Scientists at the Pacific Northwest National Laboratory and UCLA’s David Geffen School of Medicine have developed a proteome map of the mouse brain to go together with the recently completed Allen Brain Atlas:
The Allen Brain Atlas, a genome-wide map of the mouse brain on the Internet, has been hailed as “Google of the brain.” The atlas now has a companion or the brain’s working molecules, a sort of pop-up book of the proteins, or proteome map, that those genes express.
The protein map is “the first to apply quantitative proteomics to imaging,” said Richard D. Smith, Battelle Fellow at the Department of Energy’s Pacific Northwest National Laboratory, who led the mapping effort with Desmond Smith of UCLA’s David Geffen School of Medicine.
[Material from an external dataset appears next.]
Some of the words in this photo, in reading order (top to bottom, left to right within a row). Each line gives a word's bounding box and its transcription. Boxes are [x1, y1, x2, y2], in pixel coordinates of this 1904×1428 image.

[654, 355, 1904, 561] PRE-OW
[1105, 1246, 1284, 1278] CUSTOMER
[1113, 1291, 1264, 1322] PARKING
“Proteins are the lead actors, the most important part of the picture,” PNNL’s Smith said. “They are the molecules that do the work of the cells.”
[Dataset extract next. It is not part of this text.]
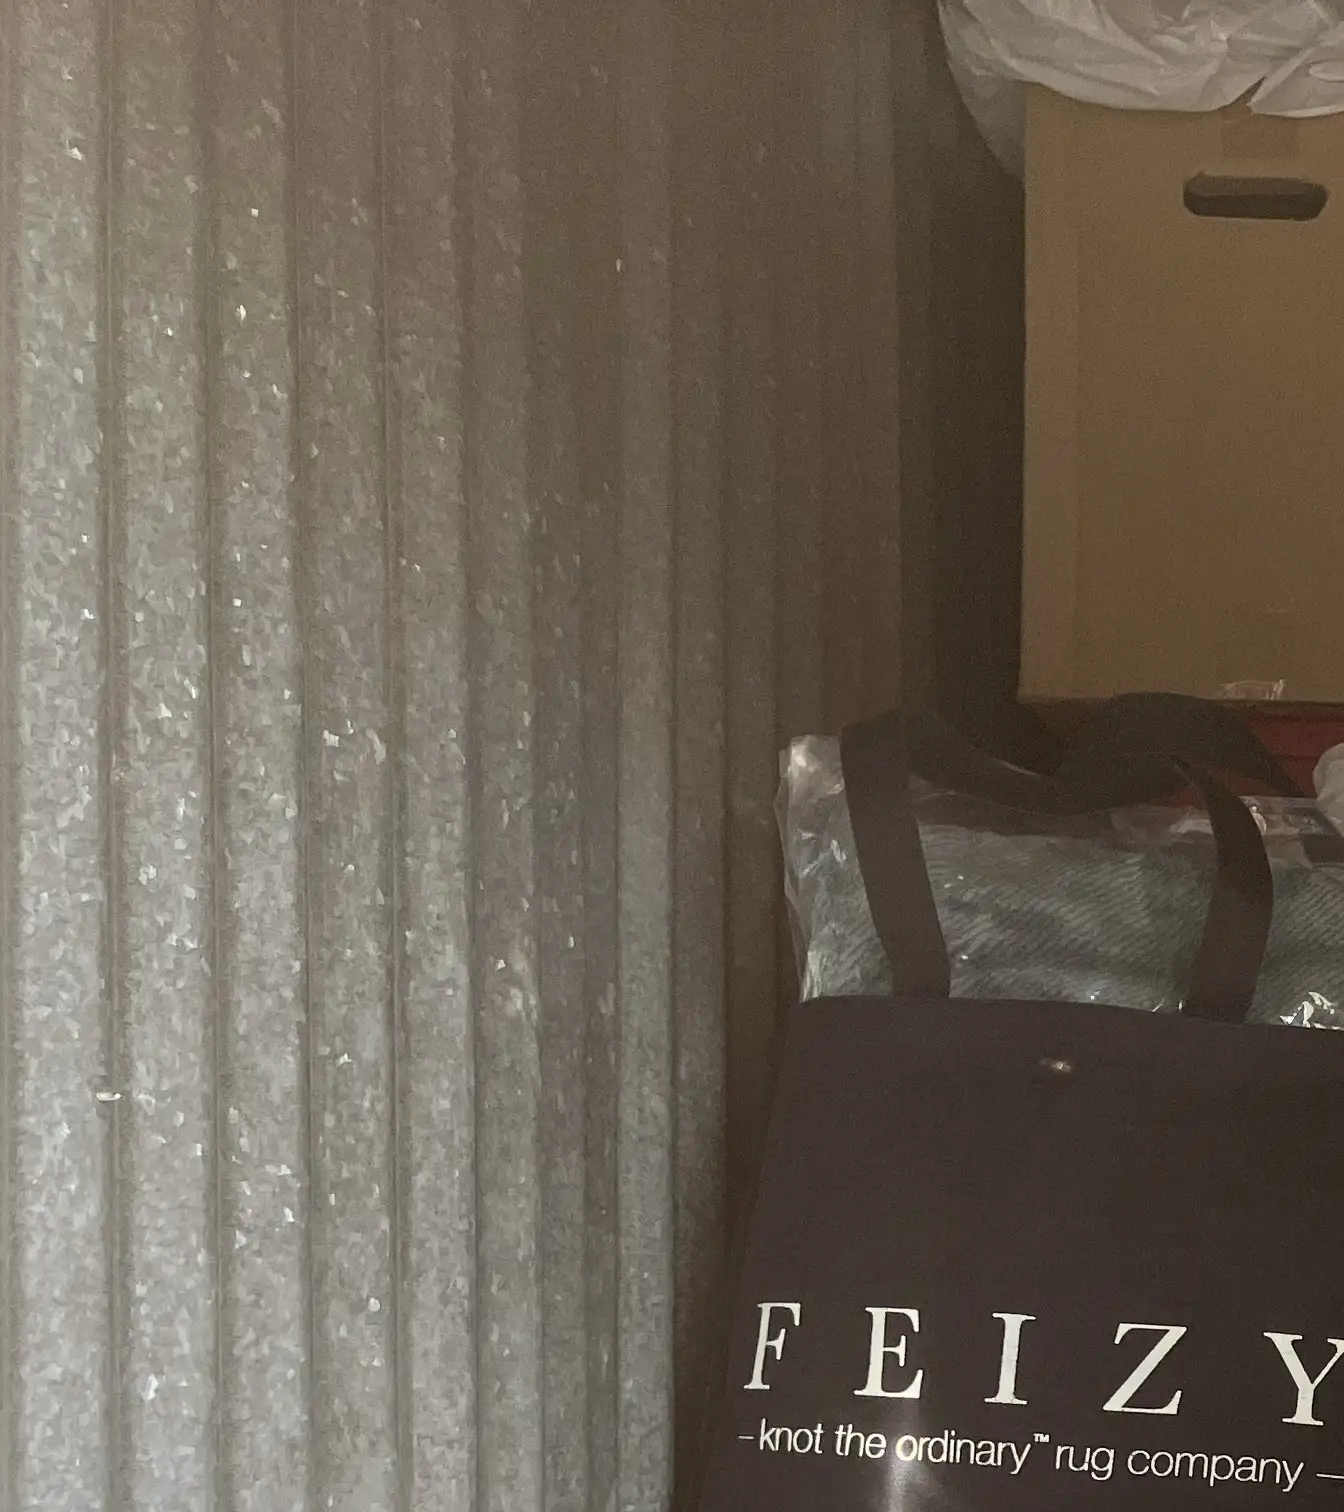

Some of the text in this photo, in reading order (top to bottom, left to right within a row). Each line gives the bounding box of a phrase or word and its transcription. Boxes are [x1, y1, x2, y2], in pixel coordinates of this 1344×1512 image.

[834, 1423, 888, 1459] the
[1054, 1443, 1116, 1481] rug
[1126, 1449, 1306, 1493] company
Fine-tuning such proteome maps will enable comparisons of healthy brains with others whose protein portraits look different. Contrasts in location and abundance of proteins may display the earliest detectable stages of Alzheimer’s, Parkinson’s and other neurological diseases. They hope such diseases might be curbed if caught and treated early enough…
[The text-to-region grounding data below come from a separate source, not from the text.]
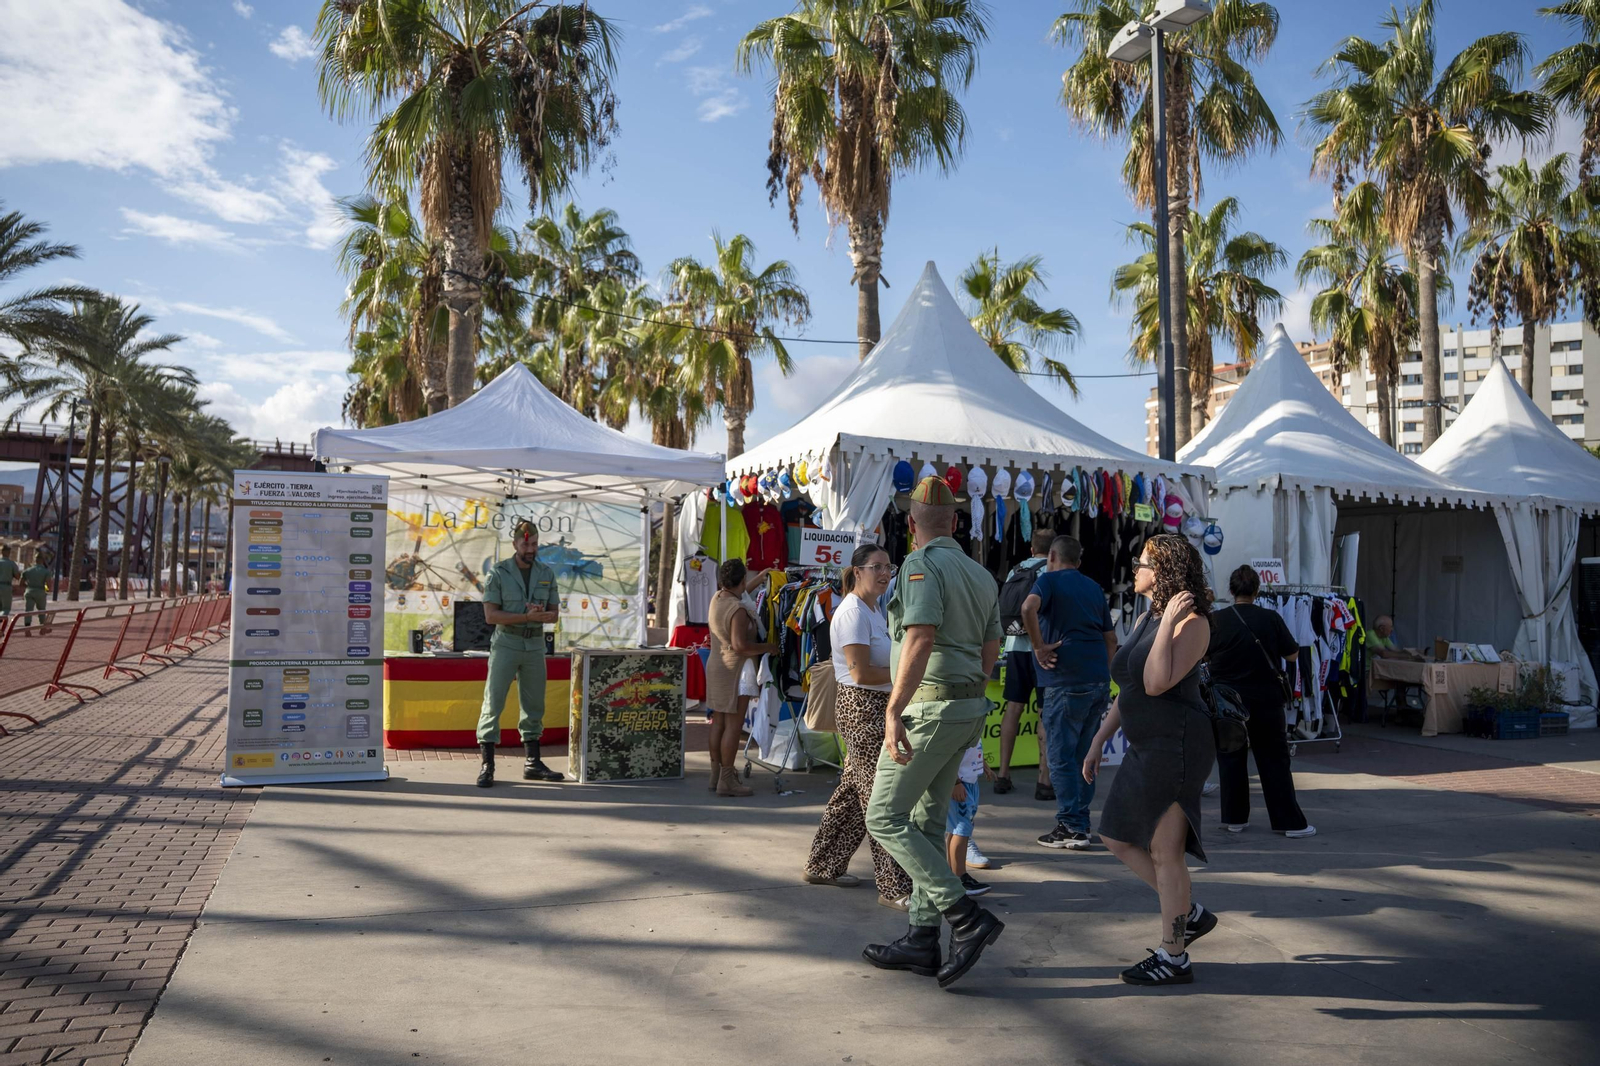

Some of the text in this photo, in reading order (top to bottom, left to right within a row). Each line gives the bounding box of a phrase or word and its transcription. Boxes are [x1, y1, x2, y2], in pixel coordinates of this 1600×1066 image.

[254, 481, 313, 491] EJÉRCITO TIERRA
[422, 502, 457, 529] La
[804, 532, 854, 544] LIQUIDACIÓN
[814, 545, 842, 564] 5€
[1253, 560, 1282, 568] LIQUIDACIÓN
[1259, 569, 1280, 584] 10€
[624, 720, 669, 731] TIERRA
To produce the map, the team characterized center-brain slices as several dozen 1 millimeter cubes, or “voxels,” to “show us where proteins appear in the brain and where they vary in abundance,” PNNL’s Smith said. “We labeled all the proteins so we would have reference points so we know we’re looking at the same protein between different parts of the brain and from one mouse to another.”
Until now, proteomics, which enlists a specially modified instrument called a mass spectrometer for the task of identifying proteins and tallying them, has been akin to flying blind over a lake of proteins. The abundance and protein type could be discerned from a given sample, but “knowing their location and how the abundances change in different cases is important for understanding what they do,” PNNL’s Smith said.